The weather is as fine as you could wish for on a winter's day, with no wind, certainly a rarity in Orkney, and the sun giving off a weak warmth from the clear blue sky. The coastline of Yesnaby is fantastic, and we've often walked here, but never yet to the broch. At the remains of the old shore battery at Yesnaby we park up, if you head to the left you will soon come to the impressive seastack of Yesnaby castle, but today we head right along the cliftop instead and towards the broch.
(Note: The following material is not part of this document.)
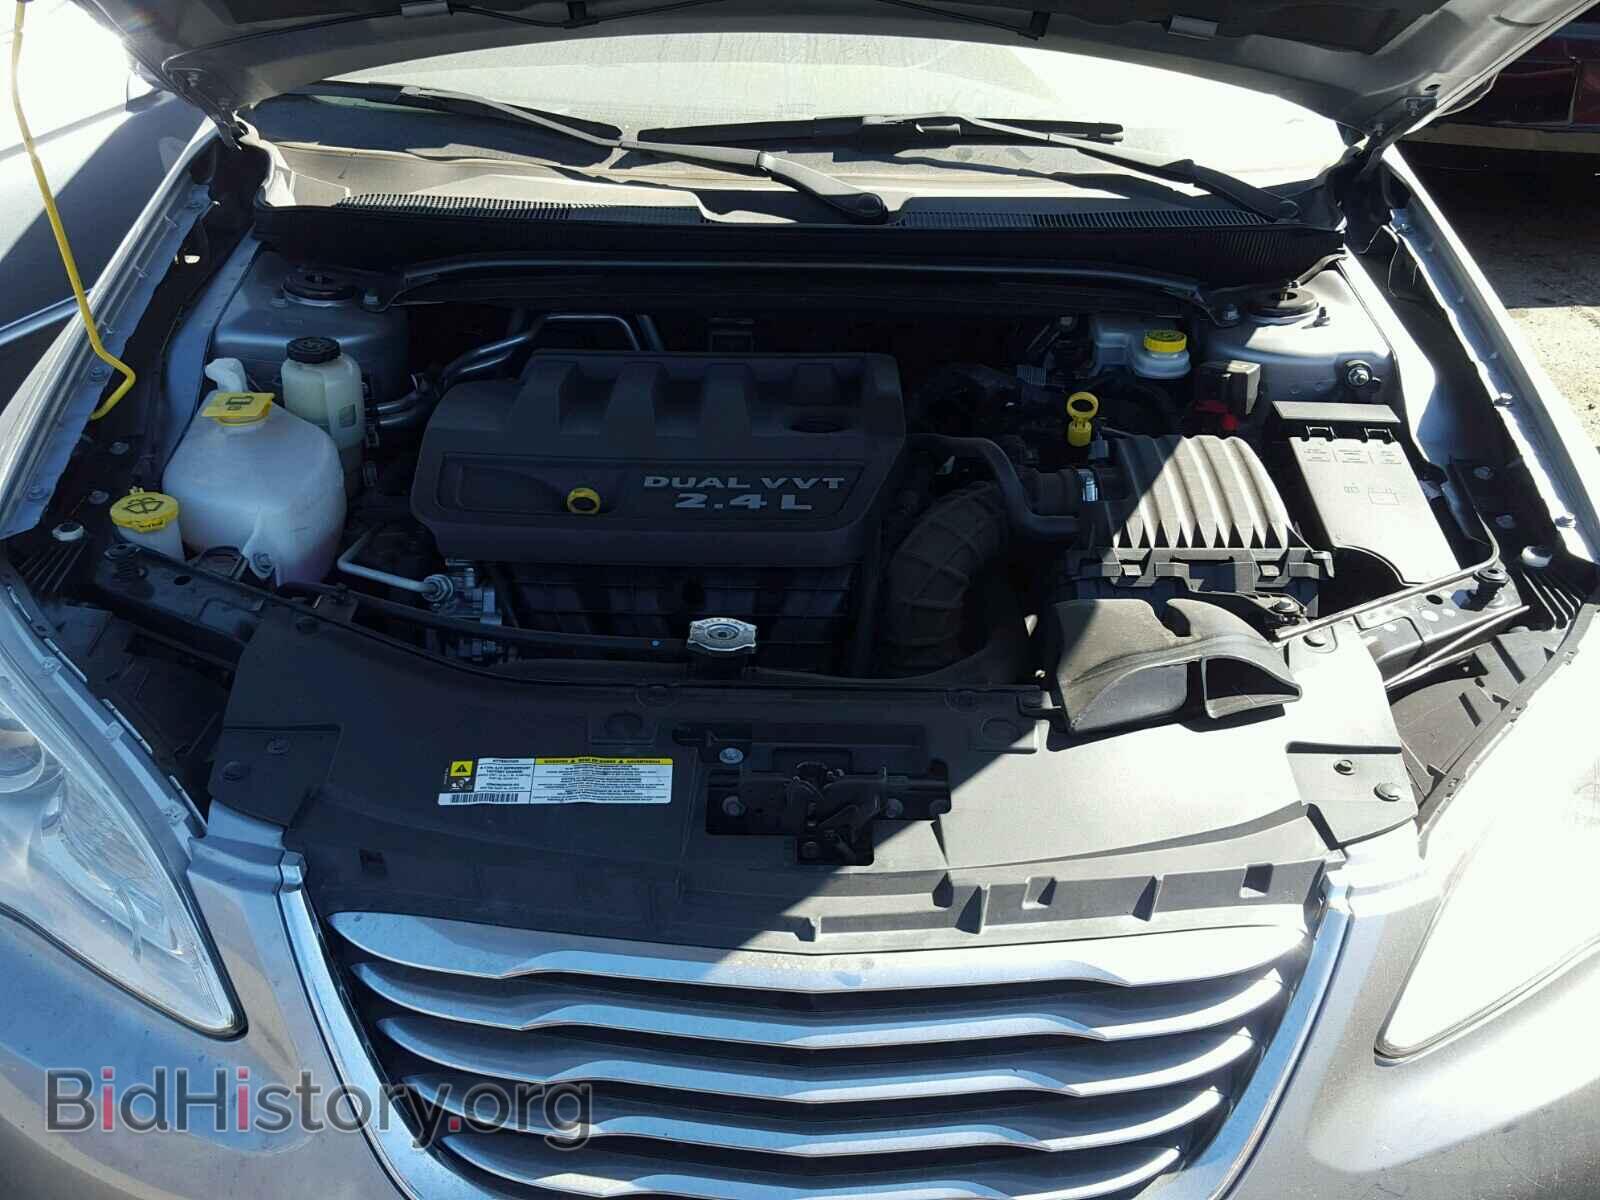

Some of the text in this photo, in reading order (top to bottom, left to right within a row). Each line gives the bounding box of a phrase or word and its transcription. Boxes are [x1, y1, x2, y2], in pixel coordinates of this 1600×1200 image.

[643, 476, 845, 489] DUAL VVT
[674, 493, 813, 510] 2.4 L
Although the fields are a bit muddy from the recent rain, we pick our way across them, surveyed by curious cows, and climb over a couple of stiles which bridge the 'standing stone' fences which divide up the fields here. Soon the broch is visible on its headland, and straight away I'm pleasently surprised by how much remains, particularly after having seen the sad remains of the nearby Oxtro broch earlier. The intact doorway beckons you in, and the walls must rise to around six feet in height at the front of the tower. The doorway now though is chocked with rubble and the entrance low.

I pick my way around the edge of the tower, very close to the cliff edge, and feeling a bit like a character from a videogame, before I step over the remains of the seaward wall which has now mostly gone after fifteen centuries of battering from the prevailing winds. Inside much of the stonework has fallen into the centre of the tower leaving a jumble of stones.

Although both smaler and more ruined that Orkney's more famous brochs of Midhowe and Gurness, Borwick is hidden gem and certainly worth a visit. We sit down on a grassy hummock at the back of the broch and watch the sea crashing against the rocks at the foot of us. It's warm enough to sit comfortably, and taking previous contributor JCHC's advice break out the flask for a nice cup of coffee. The only sounds are the sounds of the sea and the trickle of the waterfall next to us as it tumbles over the rocks down to the shore.

The vivid colours of the clear northern light give the landscape a painterly quality, and as we sit here watching the sun dip lower everything seems a bit surreal. Ellen and I sit together quietly lost in our own thoughts as sun sets to our left, colouring the sea a blood red. A place like this is a wonderful spot to just sit and take everything in, to absorb the magical atmosphere of Orkney, but now as the sun sets the chill of evening starts to bite, so we set off back on our walk to the car.